A Dra. Hilary Cass apresentou o seu relatório final e recomendações ao NHS England no seu papel como Presidente da Revisão Independente dos serviços de identidade de género para crianças e jovens.

A Revisão foi encomendada pelo NHS England para fazer recomendações sobre como melhorar os serviços de identidade de género do NHS e garantir que as crianças e jovens que questionam a sua identidade de género ou que sofrem de disforia de género recebam um elevado padrão de cuidados, que satisfaça as suas necessidades e que estejam seguros.

Contexto

A exploração da identidade é um processo completamente natural durante a infância e a adolescência e raramente requer informações clínicas.

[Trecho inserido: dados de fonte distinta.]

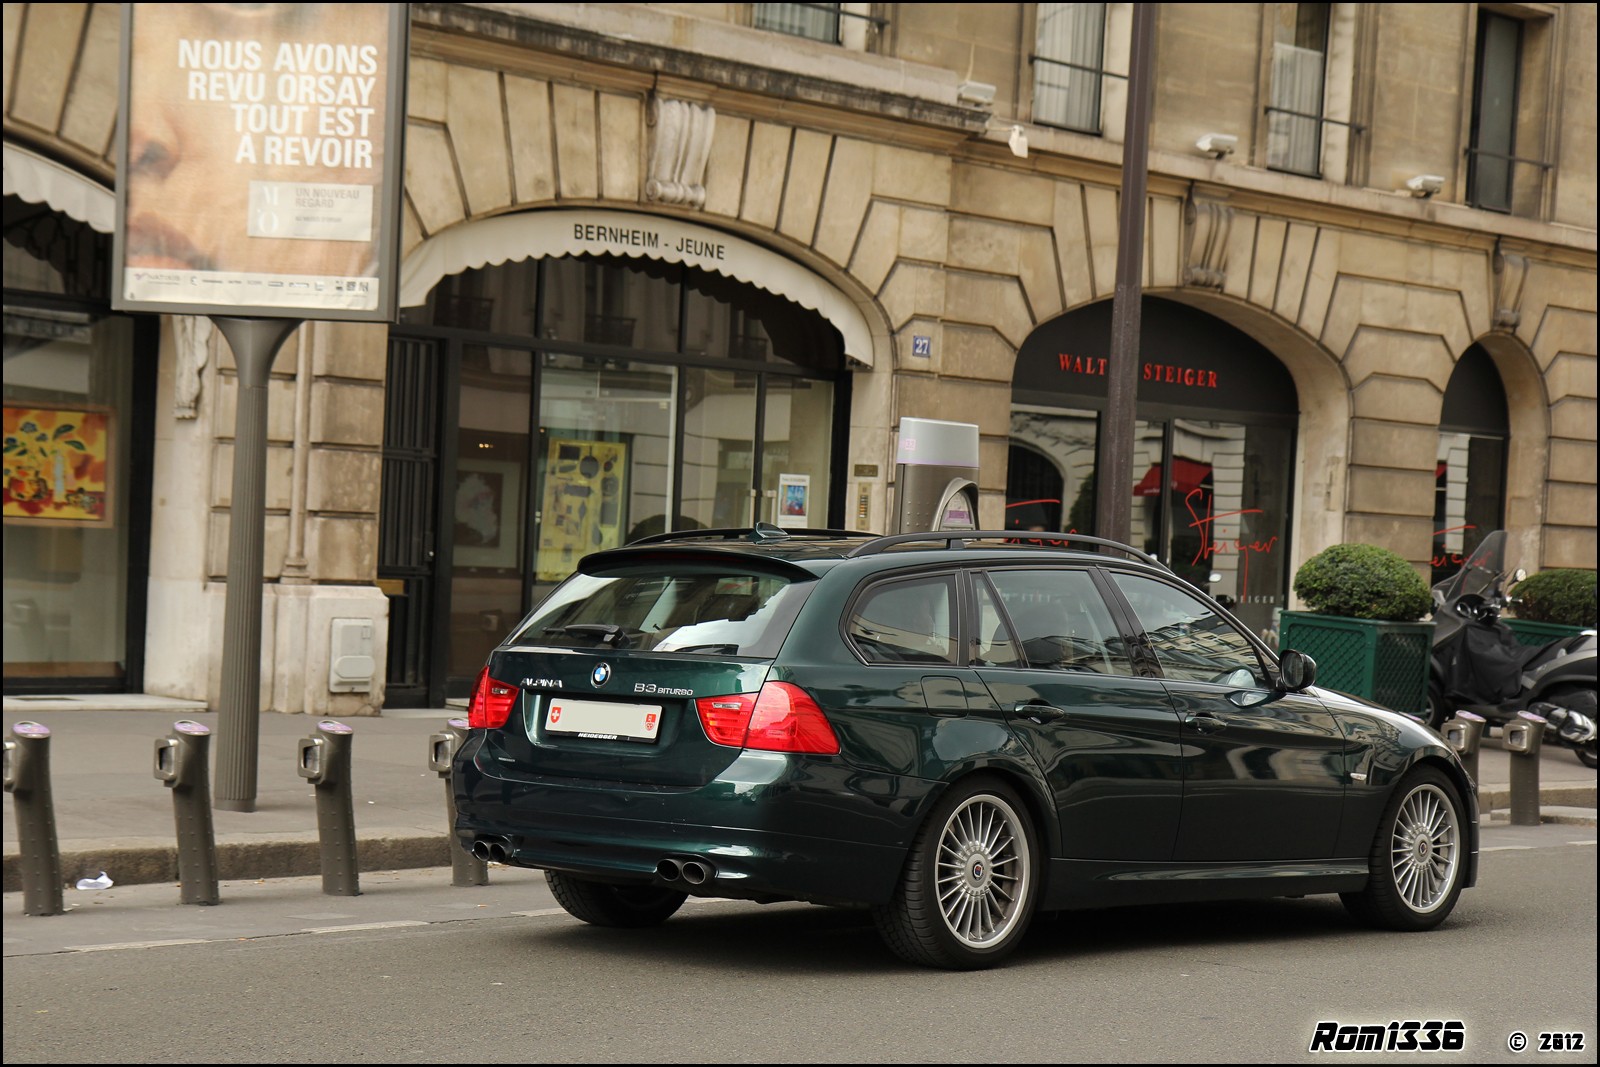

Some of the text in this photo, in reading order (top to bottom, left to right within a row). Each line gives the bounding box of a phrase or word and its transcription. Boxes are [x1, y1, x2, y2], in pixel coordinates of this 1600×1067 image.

[178, 39, 377, 75] NOUS AVONS
[188, 71, 376, 106] REVU ORSAY
[230, 103, 375, 137] TOUT EST
[264, 136, 373, 168] REVOIR
[295, 187, 360, 200] UN NOUVEAU
[295, 198, 334, 208] REGARD
[574, 223, 659, 249] BERNHEIM
[676, 237, 726, 261] JEUNE
[915, 338, 929, 354] 27
[1058, 353, 1218, 388] WALT STEIGER
[1185, 488, 1277, 600] Steiger
[519, 677, 563, 689] ALPINA
[634, 683, 694, 696] B3 BITURBO

No entanto, ao longo dos últimos cinco a dez anos, o número de crianças e jovens encaminhados para apoio do NHS em torno da sua identidade de género aumentou rapidamente.

Como resultado, os jovens esperam vários anos para receber apoio clínico e, durante este período, eles e as suas famílias têm de dar sentido às suas situações individuais, muitas vezes lidando com desafios e convulsões consideráveis.

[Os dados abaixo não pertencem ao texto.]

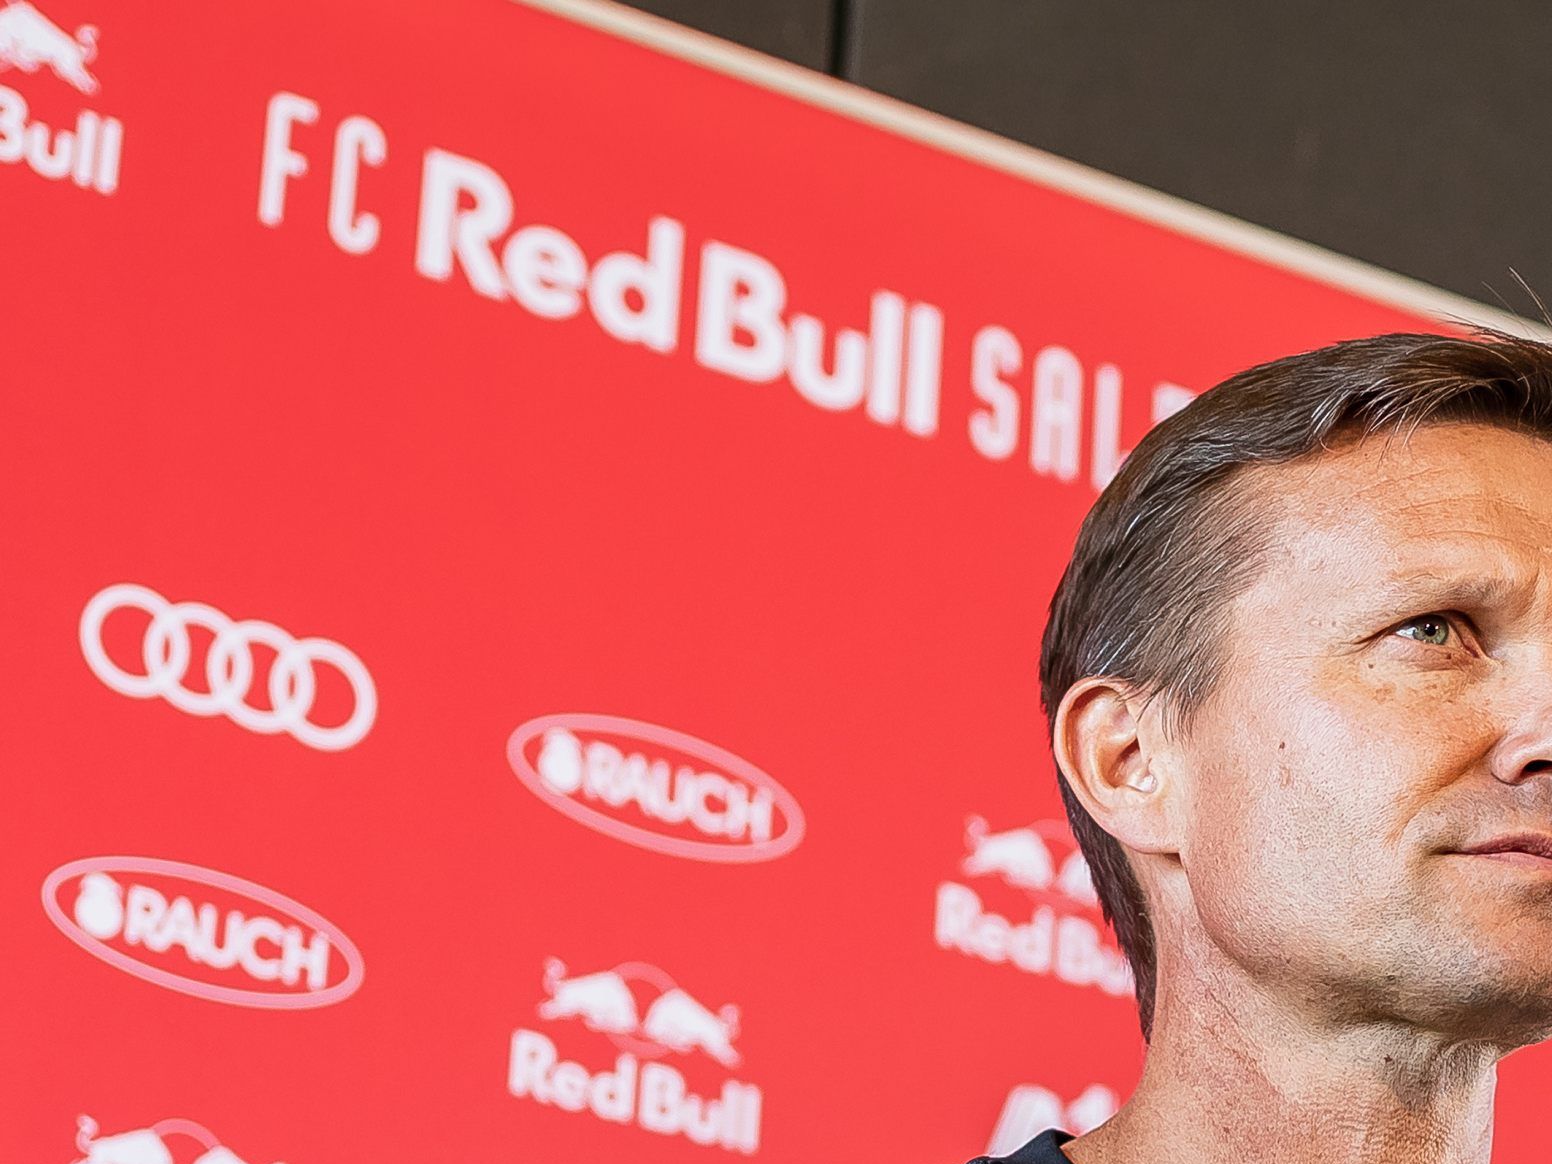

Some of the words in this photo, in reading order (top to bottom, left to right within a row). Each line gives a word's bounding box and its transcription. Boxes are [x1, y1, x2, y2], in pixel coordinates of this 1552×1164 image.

[256, 90, 388, 256] FC
[415, 147, 687, 355] Red
[694, 238, 945, 438] Bull
[584, 742, 774, 846] RAUCH
[123, 884, 331, 991] RAUCH
[935, 879, 1054, 976] Red
[507, 1028, 637, 1122] Red
[638, 1061, 763, 1157] Bull
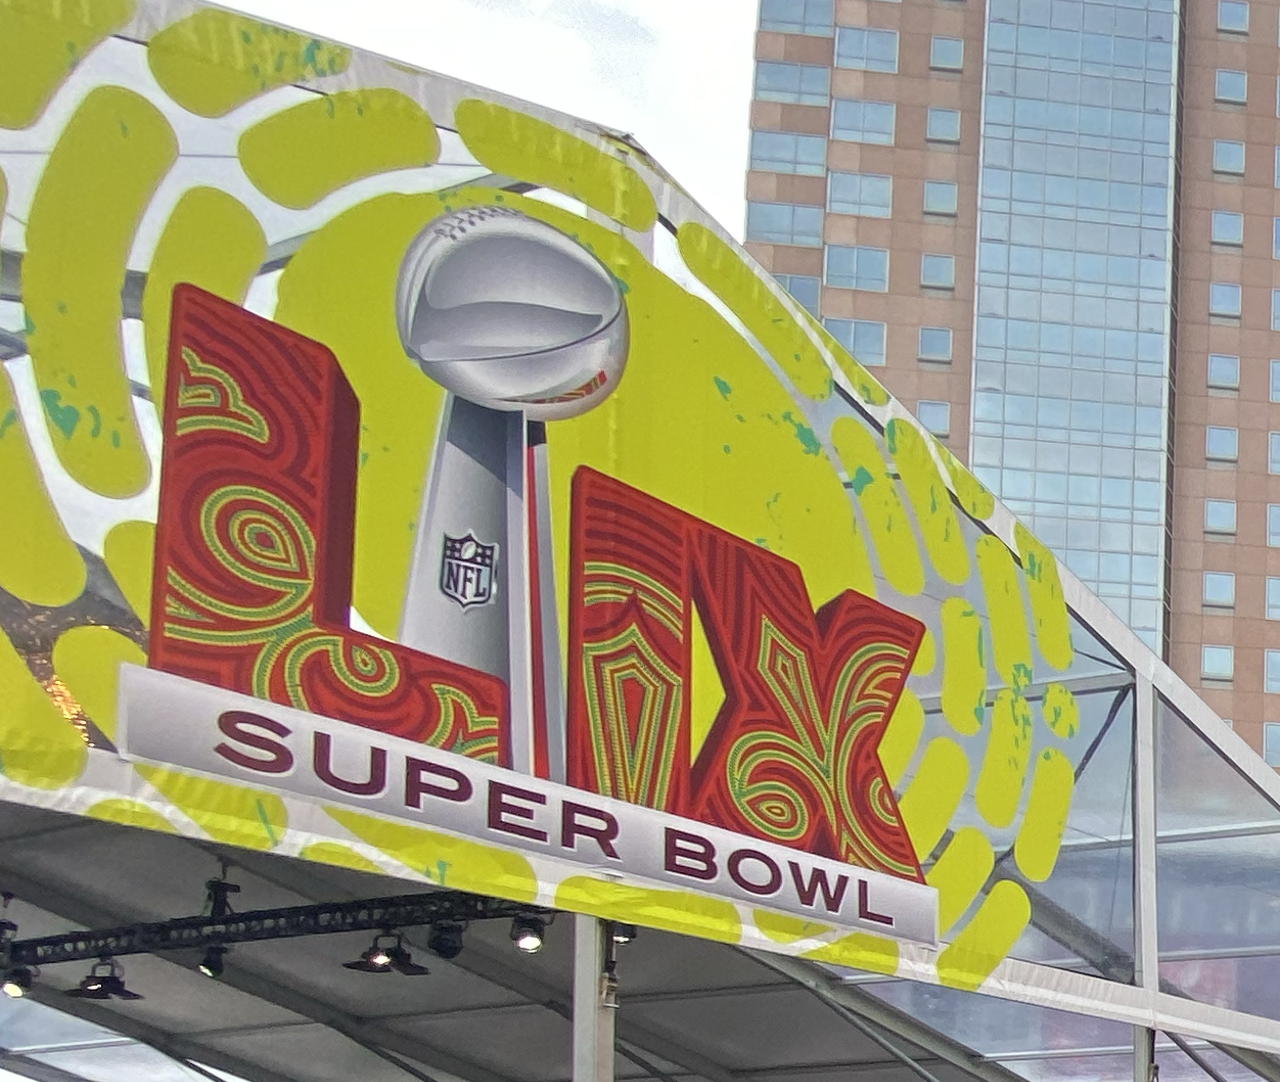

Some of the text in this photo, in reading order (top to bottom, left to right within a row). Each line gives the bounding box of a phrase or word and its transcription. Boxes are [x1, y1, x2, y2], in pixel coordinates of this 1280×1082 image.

[445, 561, 488, 600] NFL
[213, 709, 896, 928] SUPER BOWL

Tem havido um padrão semelhante noutros países ocidentais, com os médicos a observar não só o aumento do número, mas também uma mudança na combinação de casos de jovens que procuram apoio.

Tem havido muito mais mulheres com registo de nascimento a serem referenciadas na adolescência, marcando uma mudança em relação à coorte que estes serviços têm visto tradicionalmente; isto é, homens com registo de nascimento apresentados na infância, nos quais se baseava a abordagem clínica anterior de atendimento.

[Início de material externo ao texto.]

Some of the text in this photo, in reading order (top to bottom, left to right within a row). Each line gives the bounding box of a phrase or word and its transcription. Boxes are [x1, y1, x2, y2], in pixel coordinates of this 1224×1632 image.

Os médicos também observaram que estes jovens muitas vezes tinham outros problemas que tinham de gerir, juntamente com a angústia relacionada com o género.

A Revisão Independente teve como objetivo compreender as razões do crescimento das referenciações e da mudança no mix de casos, e identificar a abordagem clínica e o modelo de serviço que melhor serviria esta população.

Para fornecer uma base de evidências sobre a qual fazer as suas recomendações, a Revisão encomendou à Universidade de York a realização de uma série de revisões sistemáticas independentes das evidências existentes e de novas pesquisas qualitativas e quantitativas para desenvolver a base de evidências.

O Dr. Cass também conduziu um extenso programa de envolvimento com jovens, pais, médicos e outros profissionais associados.

Visão geral das principais descobertas

Não existe uma explicação simples para o aumento do número predominantemente de jovens e jovens adultos que têm uma identidade trans ou diversa de género, mas há um amplo consenso de que é o resultado de uma interação complexa entre fatores biológicos, psicológicos e sociais. Esse equilíbrio de fatores será diferente em cada indivíduo.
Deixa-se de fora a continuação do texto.